** SOURCE DATA follows **

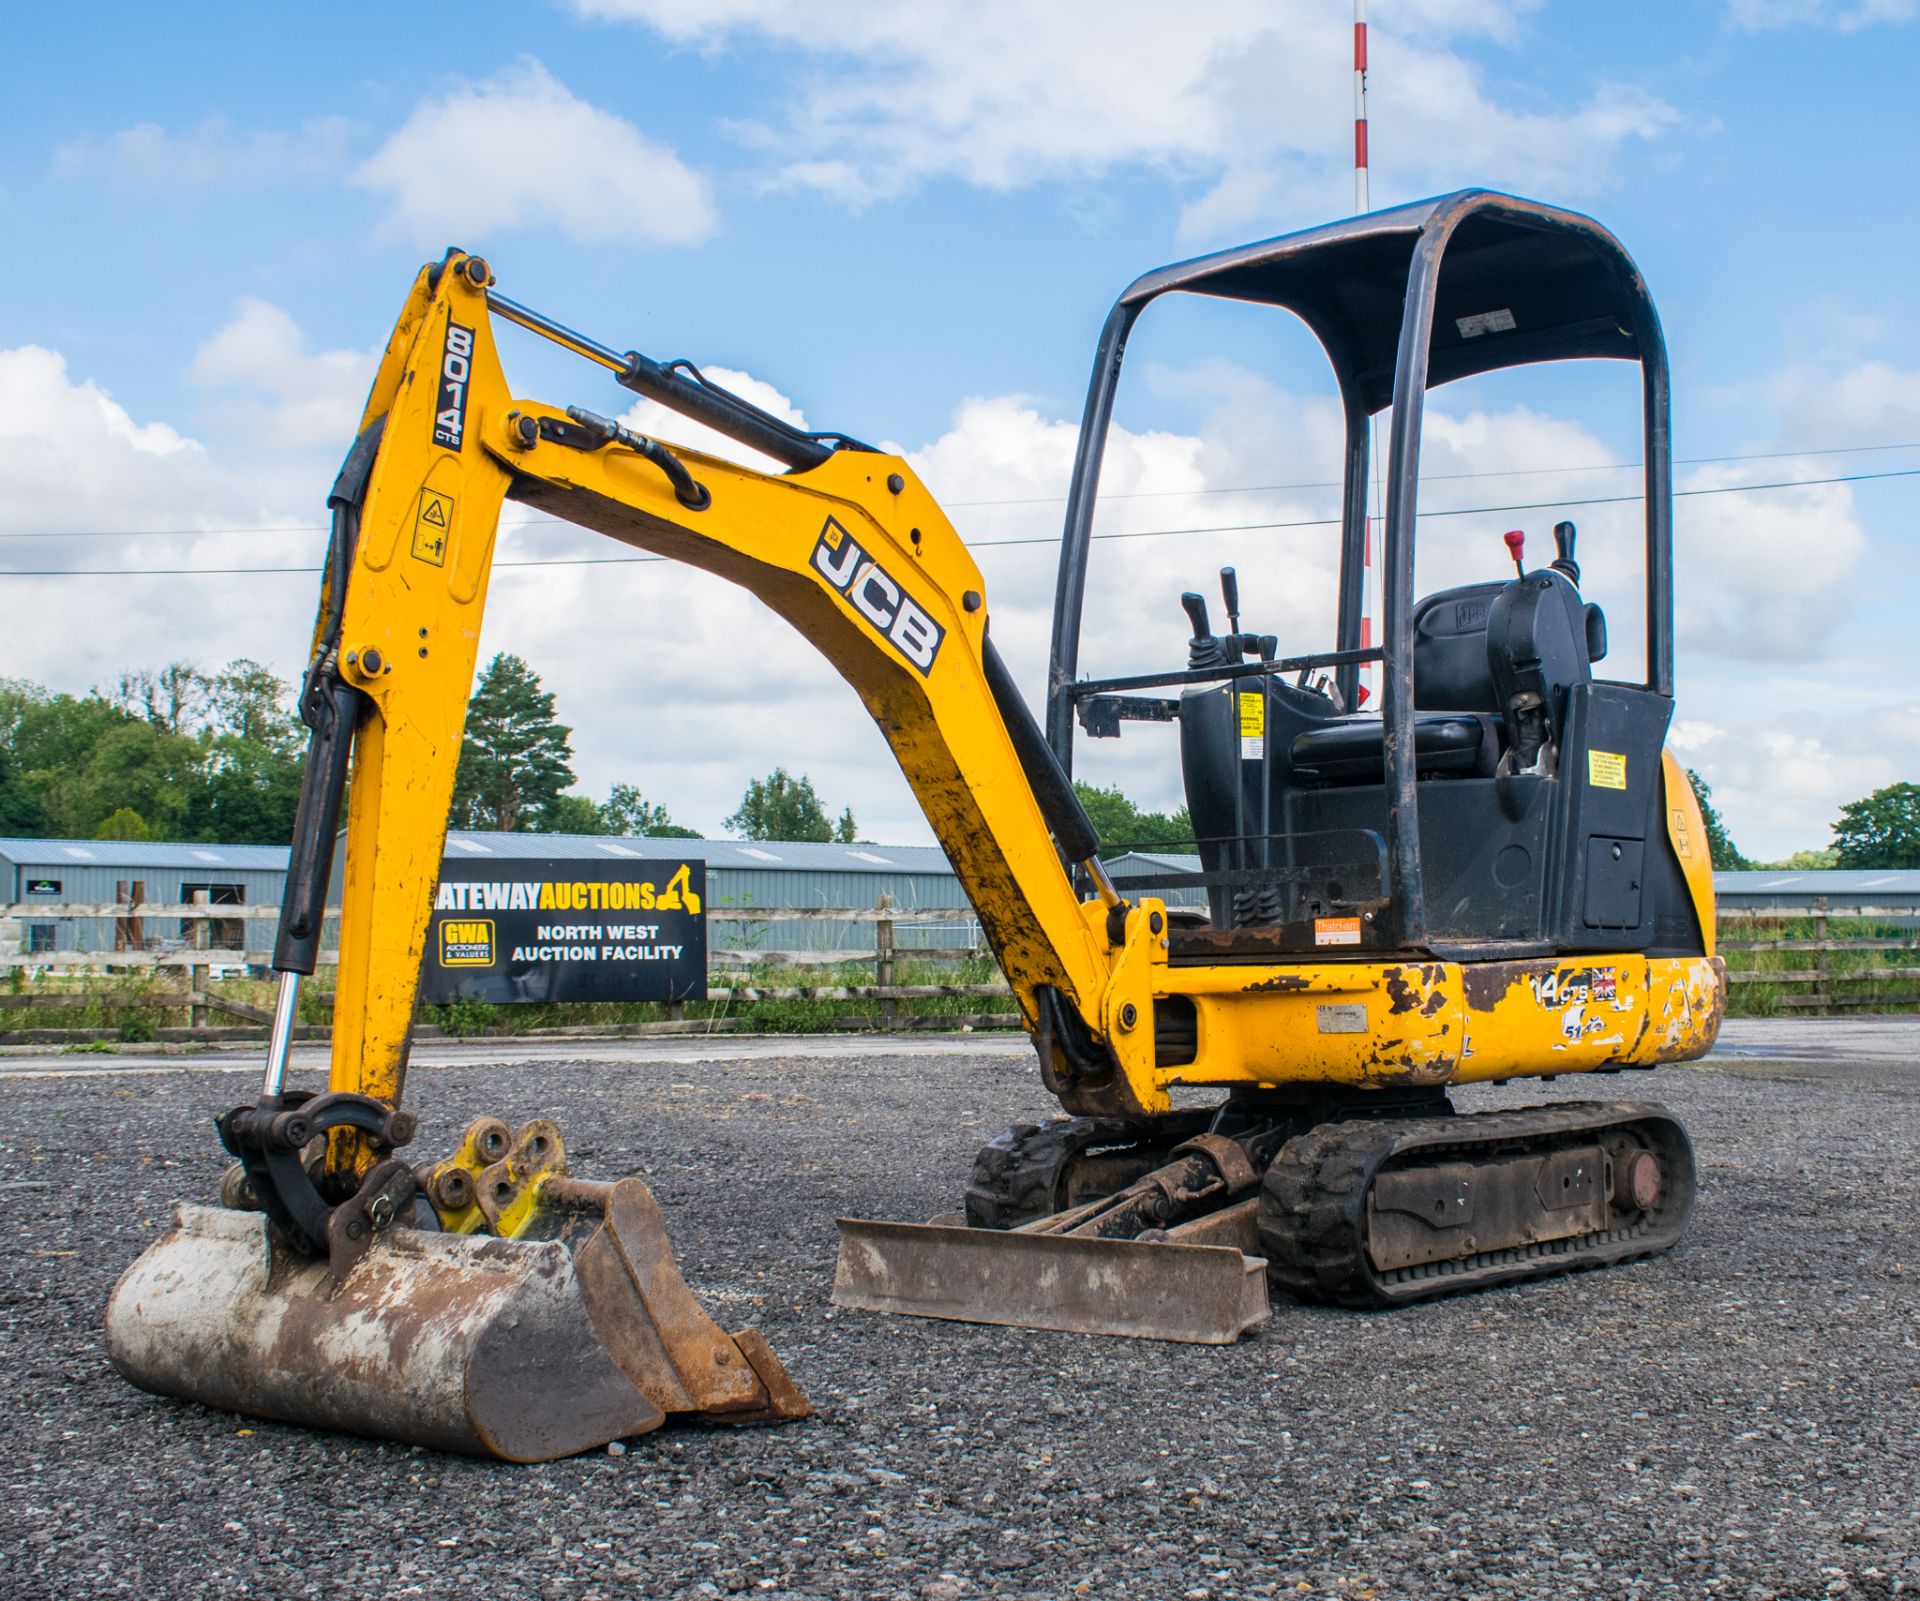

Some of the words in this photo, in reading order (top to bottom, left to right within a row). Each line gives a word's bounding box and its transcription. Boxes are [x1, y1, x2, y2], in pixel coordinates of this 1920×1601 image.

[436, 326, 473, 436] 8014
[436, 429, 461, 446] CTS
[817, 542, 939, 668] JCB
[434, 882, 656, 910] ATEWAYAUCTIONS
[445, 923, 489, 944] GWA
[537, 925, 602, 940] NORTH
[606, 925, 659, 940] WEST
[511, 946, 597, 961] AUCTION
[601, 945, 683, 961] FACILITY
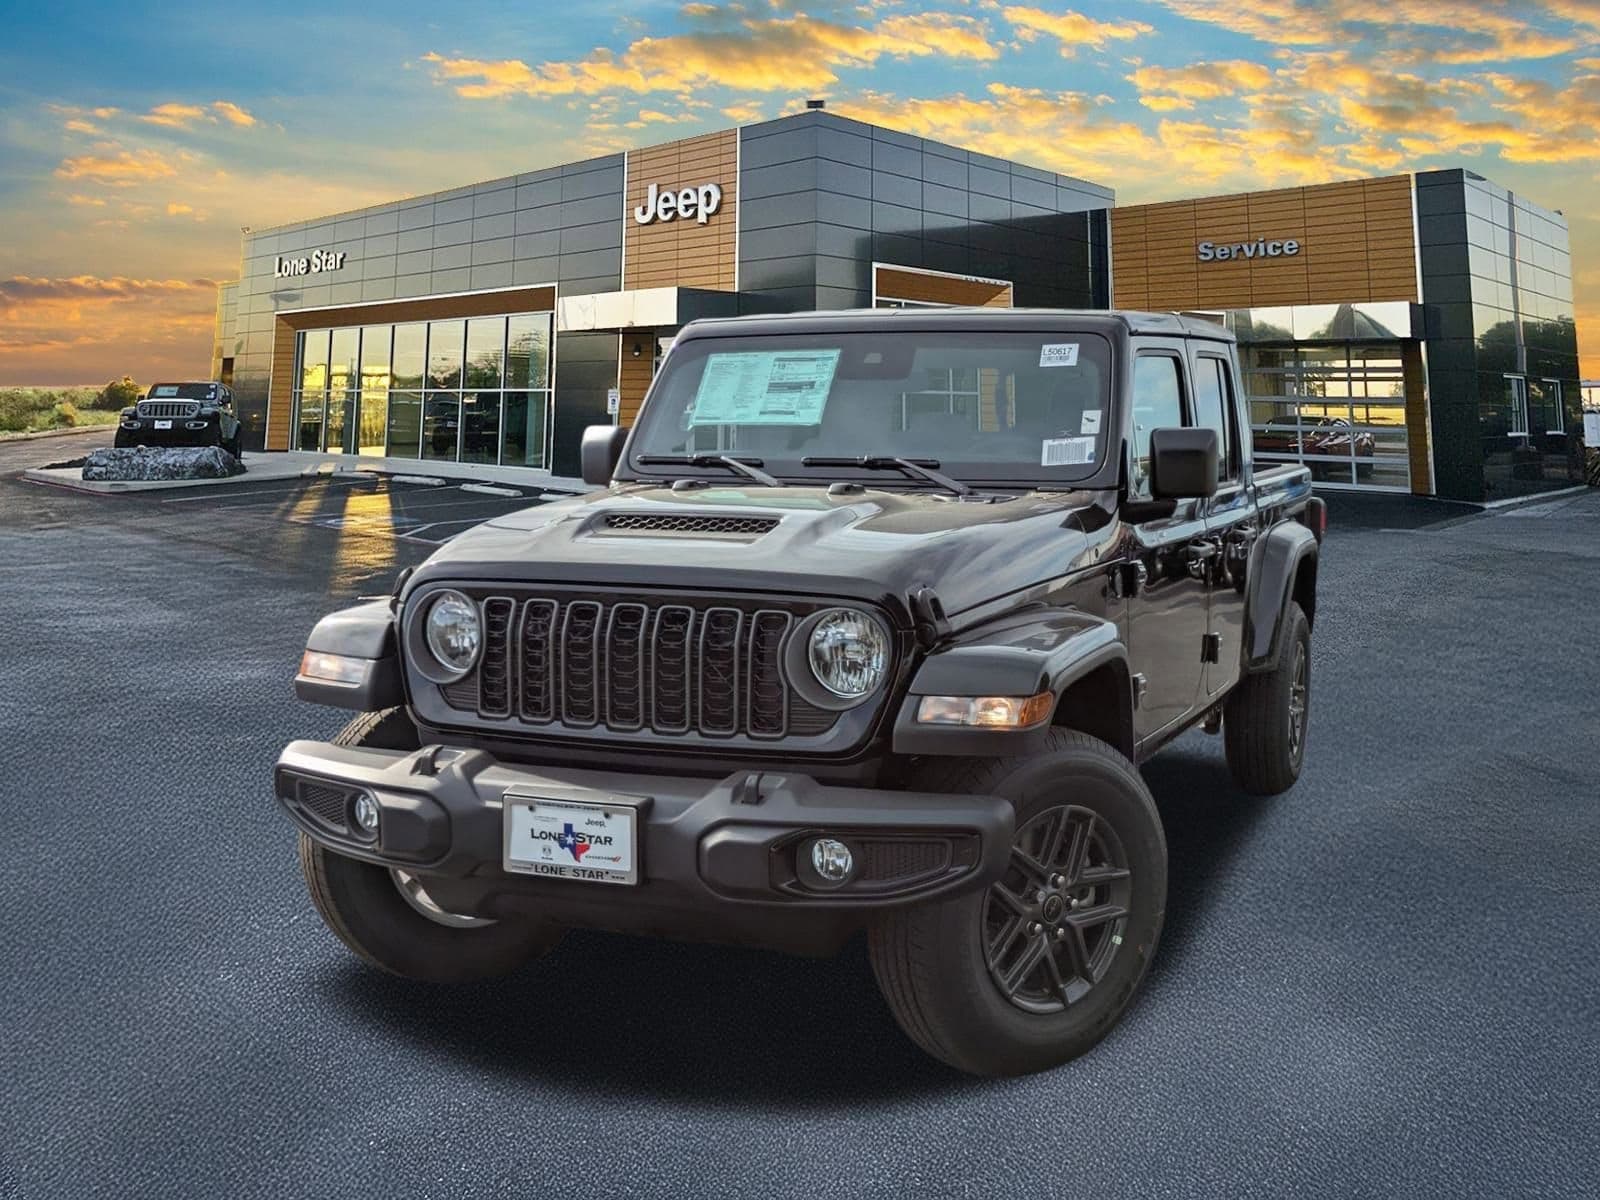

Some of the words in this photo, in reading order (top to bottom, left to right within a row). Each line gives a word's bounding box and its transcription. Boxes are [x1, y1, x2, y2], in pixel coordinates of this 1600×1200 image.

[634, 183, 722, 225] Jeep
[1198, 236, 1300, 261] Service
[274, 256, 309, 279] Lone
[311, 249, 346, 273] Star
[530, 827, 566, 842] LONE
[575, 831, 613, 846] STAR
[534, 864, 566, 877] LONE
[572, 868, 605, 880] STAR
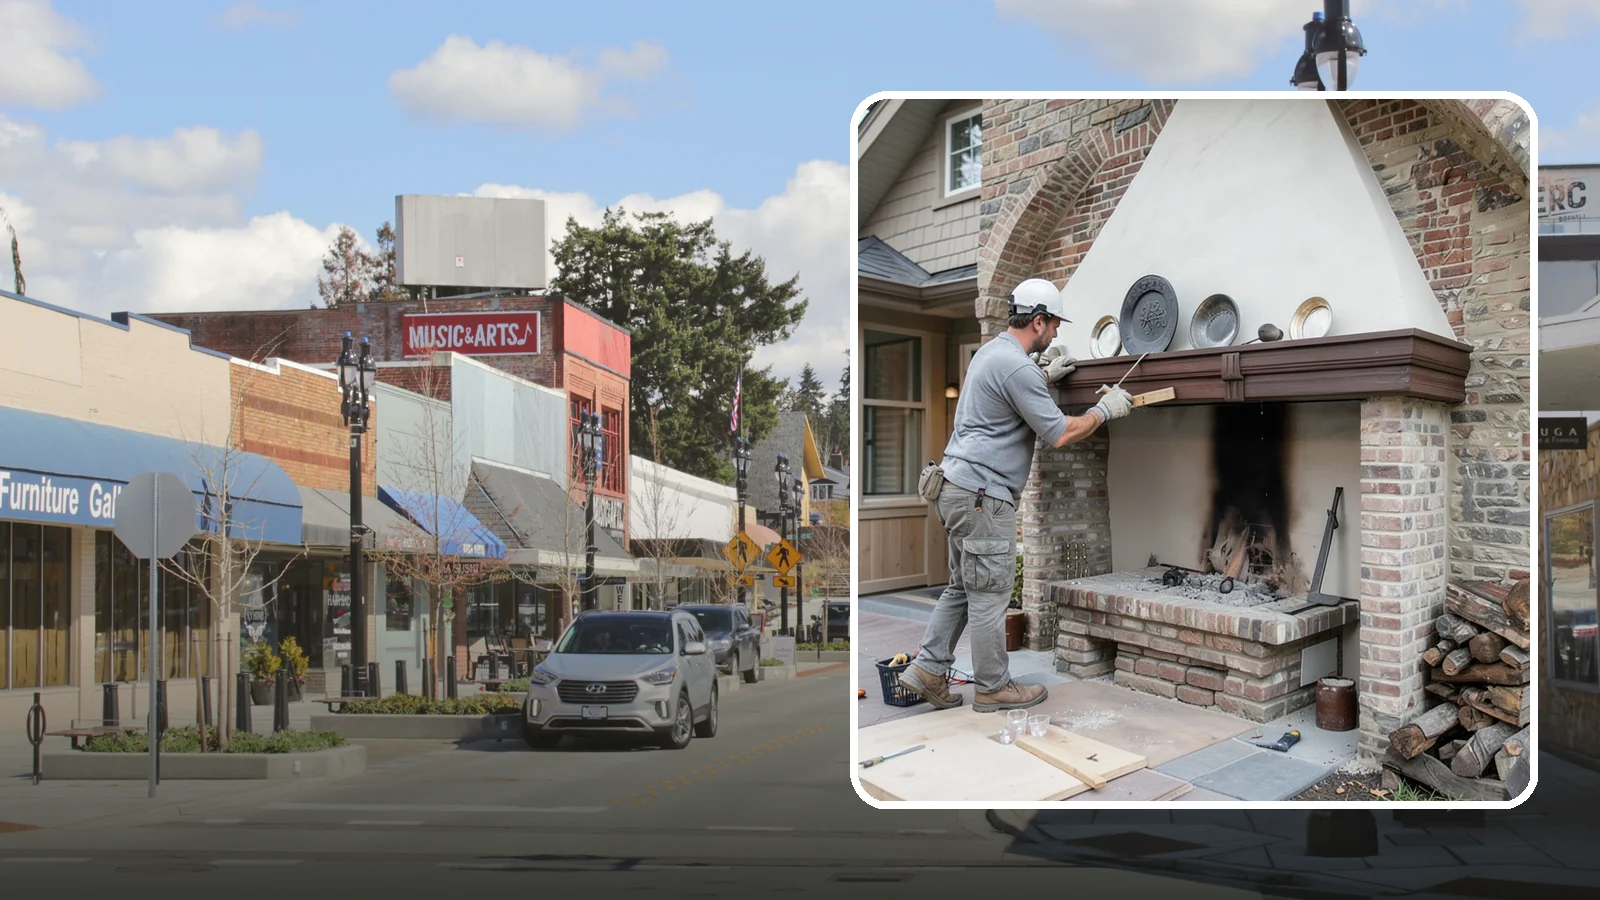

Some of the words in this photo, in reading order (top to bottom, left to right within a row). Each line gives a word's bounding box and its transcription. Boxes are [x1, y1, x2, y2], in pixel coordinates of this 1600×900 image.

[409, 323, 520, 349] MUSIC&ARTS
[1540, 427, 1577, 437] UGA
[0, 471, 79, 515] Furniture
[453, 563, 480, 575] SUSHI

** End of SOURCE DATA **

• _TASK DESCRIPTION_
Copy the records above precisely, and leave every image out of the copy.

• _EXPECTED ANSWER_
Some of the words in this photo, in reading order (top to bottom, left to right within a row). Each line gives a word's bounding box and its transcription. Boxes are [x1, y1, x2, y2], in pixel coordinates of this 1920×1601 image.

[436, 326, 473, 436] 8014
[436, 429, 461, 446] CTS
[817, 542, 939, 668] JCB
[434, 882, 656, 910] ATEWAYAUCTIONS
[445, 923, 489, 944] GWA
[537, 925, 602, 940] NORTH
[606, 925, 659, 940] WEST
[511, 946, 597, 961] AUCTION
[601, 945, 683, 961] FACILITY

Some of the words in this photo, in reading order (top to bottom, left to right within a row). Each line gives a word's bounding box and its transcription. Boxes are [x1, y1, x2, y2], in pixel coordinates of this 1600×1200 image.

[634, 183, 722, 225] Jeep
[1198, 236, 1300, 261] Service
[274, 256, 309, 279] Lone
[311, 249, 346, 273] Star
[530, 827, 566, 842] LONE
[575, 831, 613, 846] STAR
[534, 864, 566, 877] LONE
[572, 868, 605, 880] STAR

Some of the words in this photo, in reading order (top to bottom, left to right within a row). Each line gives a word's bounding box and its transcription. Boxes are [x1, y1, x2, y2], in pixel coordinates of this 1600×900 image.

[409, 323, 520, 349] MUSIC&ARTS
[1540, 427, 1577, 437] UGA
[0, 471, 79, 515] Furniture
[453, 563, 480, 575] SUSHI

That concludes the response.